### Your objective
Where an entry contains an image, leave the image out; restate everything else exactly.

### Extracted records
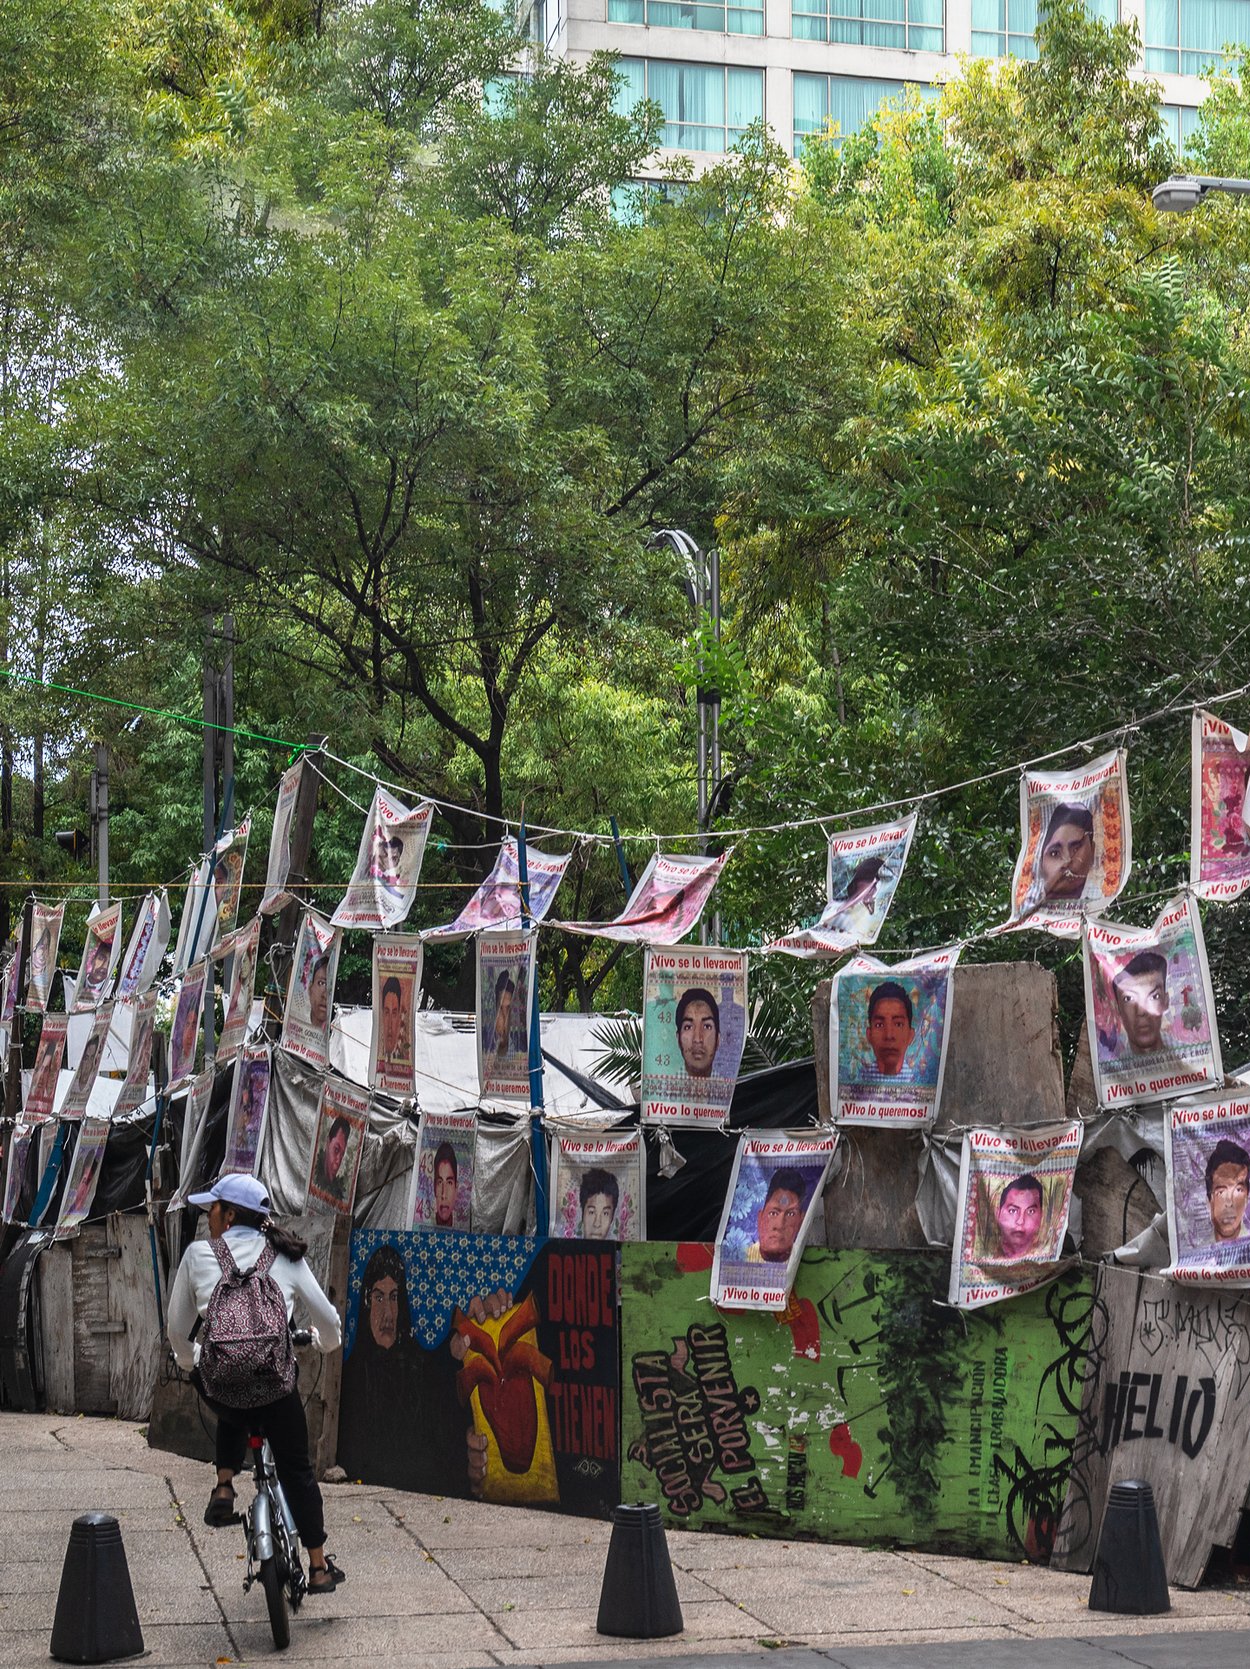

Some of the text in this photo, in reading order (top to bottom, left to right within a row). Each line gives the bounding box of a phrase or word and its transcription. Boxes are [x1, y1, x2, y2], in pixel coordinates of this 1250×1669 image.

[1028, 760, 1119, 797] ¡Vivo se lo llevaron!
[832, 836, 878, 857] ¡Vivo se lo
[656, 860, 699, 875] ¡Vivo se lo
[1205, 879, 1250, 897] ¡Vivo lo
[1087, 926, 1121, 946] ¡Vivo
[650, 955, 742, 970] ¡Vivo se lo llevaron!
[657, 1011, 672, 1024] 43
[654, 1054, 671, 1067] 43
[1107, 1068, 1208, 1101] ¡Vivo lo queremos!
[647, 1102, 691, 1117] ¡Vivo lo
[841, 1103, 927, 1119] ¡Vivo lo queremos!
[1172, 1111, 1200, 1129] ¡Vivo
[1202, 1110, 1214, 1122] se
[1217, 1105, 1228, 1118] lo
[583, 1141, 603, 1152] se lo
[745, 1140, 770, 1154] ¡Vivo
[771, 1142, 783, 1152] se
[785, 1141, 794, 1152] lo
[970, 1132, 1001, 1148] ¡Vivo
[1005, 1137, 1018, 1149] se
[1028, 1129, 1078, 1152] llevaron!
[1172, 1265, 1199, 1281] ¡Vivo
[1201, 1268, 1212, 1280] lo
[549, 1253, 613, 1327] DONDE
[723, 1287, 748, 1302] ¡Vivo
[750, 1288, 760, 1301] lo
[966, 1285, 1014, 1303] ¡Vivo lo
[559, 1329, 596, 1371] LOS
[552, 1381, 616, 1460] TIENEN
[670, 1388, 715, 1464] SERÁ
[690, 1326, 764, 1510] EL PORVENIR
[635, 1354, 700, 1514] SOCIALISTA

### Response to this task
Some of the text in this photo, in reading order (top to bottom, left to right within a row). Each line gives the bounding box of a phrase or word and its transcription. Boxes are [x1, y1, x2, y2], in pixel coordinates of this 1250×1669 image.

[1028, 760, 1119, 797] ¡Vivo se lo llevaron!
[832, 836, 878, 857] ¡Vivo se lo
[656, 860, 699, 875] ¡Vivo se lo
[1205, 879, 1250, 897] ¡Vivo lo
[1087, 926, 1121, 946] ¡Vivo
[650, 955, 742, 970] ¡Vivo se lo llevaron!
[657, 1011, 672, 1024] 43
[654, 1054, 671, 1067] 43
[1107, 1068, 1208, 1101] ¡Vivo lo queremos!
[647, 1102, 691, 1117] ¡Vivo lo
[841, 1103, 927, 1119] ¡Vivo lo queremos!
[1172, 1111, 1200, 1129] ¡Vivo
[1202, 1110, 1214, 1122] se
[1217, 1105, 1228, 1118] lo
[583, 1141, 603, 1152] se lo
[745, 1140, 770, 1154] ¡Vivo
[771, 1142, 783, 1152] se
[785, 1141, 794, 1152] lo
[970, 1132, 1001, 1148] ¡Vivo
[1005, 1137, 1018, 1149] se
[1028, 1129, 1078, 1152] llevaron!
[1172, 1265, 1199, 1281] ¡Vivo
[1201, 1268, 1212, 1280] lo
[549, 1253, 613, 1327] DONDE
[723, 1287, 748, 1302] ¡Vivo
[750, 1288, 760, 1301] lo
[966, 1285, 1014, 1303] ¡Vivo lo
[559, 1329, 596, 1371] LOS
[552, 1381, 616, 1460] TIENEN
[670, 1388, 715, 1464] SERÁ
[690, 1326, 764, 1510] EL PORVENIR
[635, 1354, 700, 1514] SOCIALISTA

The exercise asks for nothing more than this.